[Exercise materials Boundary: Start]
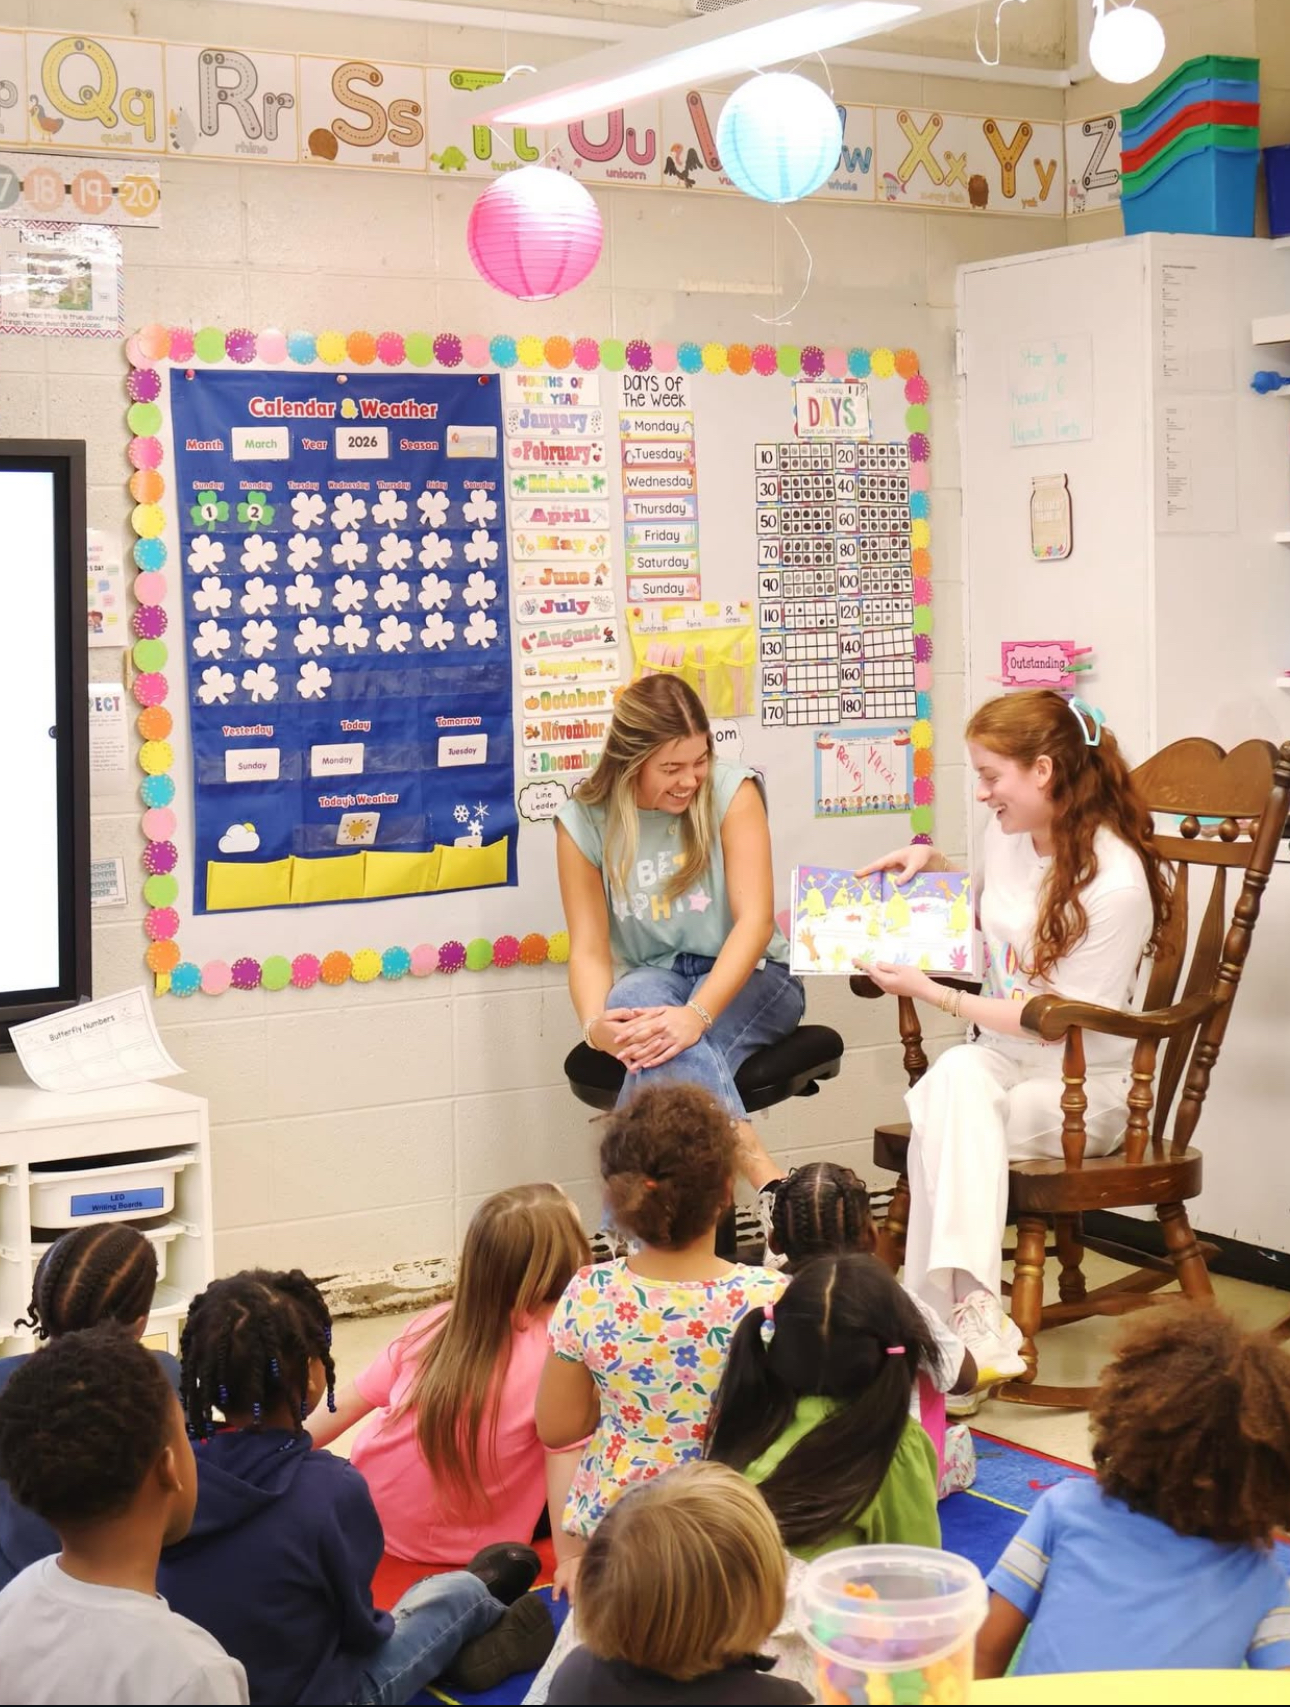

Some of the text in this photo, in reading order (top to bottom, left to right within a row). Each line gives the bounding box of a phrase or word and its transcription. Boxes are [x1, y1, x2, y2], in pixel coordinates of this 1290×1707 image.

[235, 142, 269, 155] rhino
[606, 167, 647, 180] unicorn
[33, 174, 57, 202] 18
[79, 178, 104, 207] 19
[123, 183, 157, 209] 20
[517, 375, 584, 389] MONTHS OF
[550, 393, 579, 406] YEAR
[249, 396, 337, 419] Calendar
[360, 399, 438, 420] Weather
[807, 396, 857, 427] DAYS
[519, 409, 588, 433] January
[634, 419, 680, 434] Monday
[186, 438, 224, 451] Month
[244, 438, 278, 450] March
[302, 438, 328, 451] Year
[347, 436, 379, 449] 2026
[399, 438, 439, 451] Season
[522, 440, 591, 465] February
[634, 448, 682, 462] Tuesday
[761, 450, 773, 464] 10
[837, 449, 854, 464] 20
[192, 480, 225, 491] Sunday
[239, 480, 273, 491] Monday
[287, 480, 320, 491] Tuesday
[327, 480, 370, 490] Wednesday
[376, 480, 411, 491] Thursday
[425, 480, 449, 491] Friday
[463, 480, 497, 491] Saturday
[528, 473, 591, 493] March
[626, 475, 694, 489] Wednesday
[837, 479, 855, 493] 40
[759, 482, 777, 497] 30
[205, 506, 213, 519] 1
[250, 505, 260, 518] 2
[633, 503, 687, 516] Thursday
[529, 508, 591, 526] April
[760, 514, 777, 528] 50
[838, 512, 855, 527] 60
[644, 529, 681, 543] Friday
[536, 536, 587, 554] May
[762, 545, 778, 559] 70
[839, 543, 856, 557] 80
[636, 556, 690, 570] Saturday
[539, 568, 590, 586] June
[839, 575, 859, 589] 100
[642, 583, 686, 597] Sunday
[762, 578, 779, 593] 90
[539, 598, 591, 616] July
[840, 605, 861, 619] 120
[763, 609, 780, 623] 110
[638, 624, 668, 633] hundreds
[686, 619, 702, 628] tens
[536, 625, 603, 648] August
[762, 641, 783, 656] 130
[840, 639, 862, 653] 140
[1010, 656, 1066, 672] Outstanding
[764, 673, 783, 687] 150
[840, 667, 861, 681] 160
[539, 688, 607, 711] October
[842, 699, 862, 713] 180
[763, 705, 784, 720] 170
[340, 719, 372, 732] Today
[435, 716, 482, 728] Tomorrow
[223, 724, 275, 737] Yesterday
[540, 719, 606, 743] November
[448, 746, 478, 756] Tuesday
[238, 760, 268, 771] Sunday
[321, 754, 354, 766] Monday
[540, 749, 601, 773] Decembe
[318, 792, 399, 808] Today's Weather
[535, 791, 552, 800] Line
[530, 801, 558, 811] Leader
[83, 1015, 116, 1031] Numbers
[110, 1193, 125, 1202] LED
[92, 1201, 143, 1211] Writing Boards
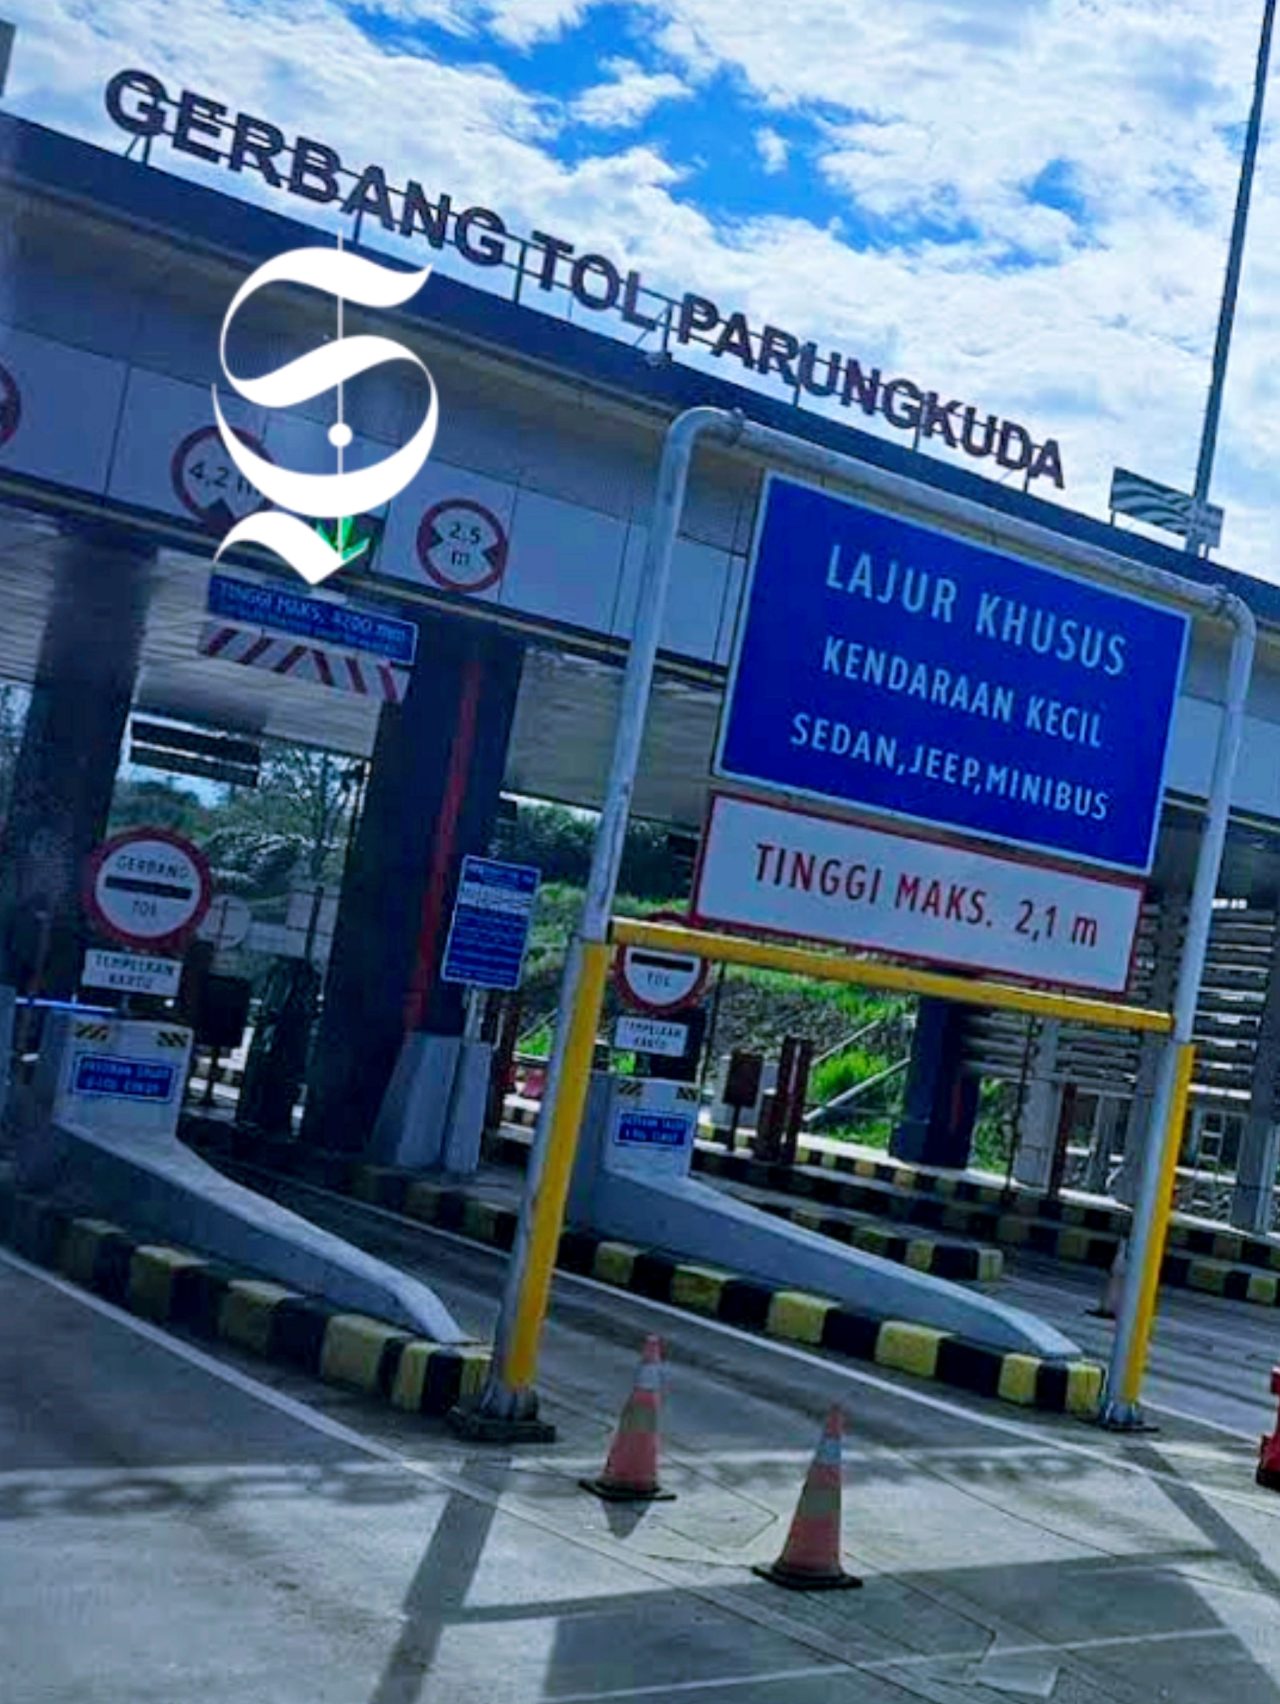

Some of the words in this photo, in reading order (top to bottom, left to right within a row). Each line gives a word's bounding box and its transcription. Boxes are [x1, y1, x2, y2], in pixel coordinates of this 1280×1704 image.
[Exercise materials Boundary: End]
Write out the records above exactly as they appear, leaving out any pictures.

Some of the text in this photo, in reading order (top to bottom, left to right within a row). Each line gives the bounding box of a phrase or word and its transcription. Boxes are [x1, y1, x2, y2], in pixel coordinates of this 1290×1707 image.

[235, 142, 269, 155] rhino
[606, 167, 647, 180] unicorn
[33, 174, 57, 202] 18
[79, 178, 104, 207] 19
[123, 183, 157, 209] 20
[517, 375, 584, 389] MONTHS OF
[550, 393, 579, 406] YEAR
[249, 396, 337, 419] Calendar
[360, 399, 438, 420] Weather
[807, 396, 857, 427] DAYS
[519, 409, 588, 433] January
[634, 419, 680, 434] Monday
[186, 438, 224, 451] Month
[244, 438, 278, 450] March
[302, 438, 328, 451] Year
[347, 436, 379, 449] 2026
[399, 438, 439, 451] Season
[522, 440, 591, 465] February
[634, 448, 682, 462] Tuesday
[761, 450, 773, 464] 10
[837, 449, 854, 464] 20
[192, 480, 225, 491] Sunday
[239, 480, 273, 491] Monday
[287, 480, 320, 491] Tuesday
[327, 480, 370, 490] Wednesday
[376, 480, 411, 491] Thursday
[425, 480, 449, 491] Friday
[463, 480, 497, 491] Saturday
[528, 473, 591, 493] March
[626, 475, 694, 489] Wednesday
[837, 479, 855, 493] 40
[759, 482, 777, 497] 30
[205, 506, 213, 519] 1
[250, 505, 260, 518] 2
[633, 503, 687, 516] Thursday
[529, 508, 591, 526] April
[760, 514, 777, 528] 50
[838, 512, 855, 527] 60
[644, 529, 681, 543] Friday
[536, 536, 587, 554] May
[762, 545, 778, 559] 70
[839, 543, 856, 557] 80
[636, 556, 690, 570] Saturday
[539, 568, 590, 586] June
[839, 575, 859, 589] 100
[642, 583, 686, 597] Sunday
[762, 578, 779, 593] 90
[539, 598, 591, 616] July
[840, 605, 861, 619] 120
[763, 609, 780, 623] 110
[638, 624, 668, 633] hundreds
[686, 619, 702, 628] tens
[536, 625, 603, 648] August
[762, 641, 783, 656] 130
[840, 639, 862, 653] 140
[1010, 656, 1066, 672] Outstanding
[764, 673, 783, 687] 150
[840, 667, 861, 681] 160
[539, 688, 607, 711] October
[842, 699, 862, 713] 180
[763, 705, 784, 720] 170
[340, 719, 372, 732] Today
[435, 716, 482, 728] Tomorrow
[223, 724, 275, 737] Yesterday
[540, 719, 606, 743] November
[448, 746, 478, 756] Tuesday
[238, 760, 268, 771] Sunday
[321, 754, 354, 766] Monday
[540, 749, 601, 773] Decembe
[318, 792, 399, 808] Today's Weather
[535, 791, 552, 800] Line
[530, 801, 558, 811] Leader
[83, 1015, 116, 1031] Numbers
[110, 1193, 125, 1202] LED
[92, 1201, 143, 1211] Writing Boards

Some of the words in this photo, in reading order (top to bottom, left to right within a row). Each line gives a word's bounding box and its transcription. Boxes are [x1, y1, x2, y2], in pixel coordinates of this 1280×1704 image.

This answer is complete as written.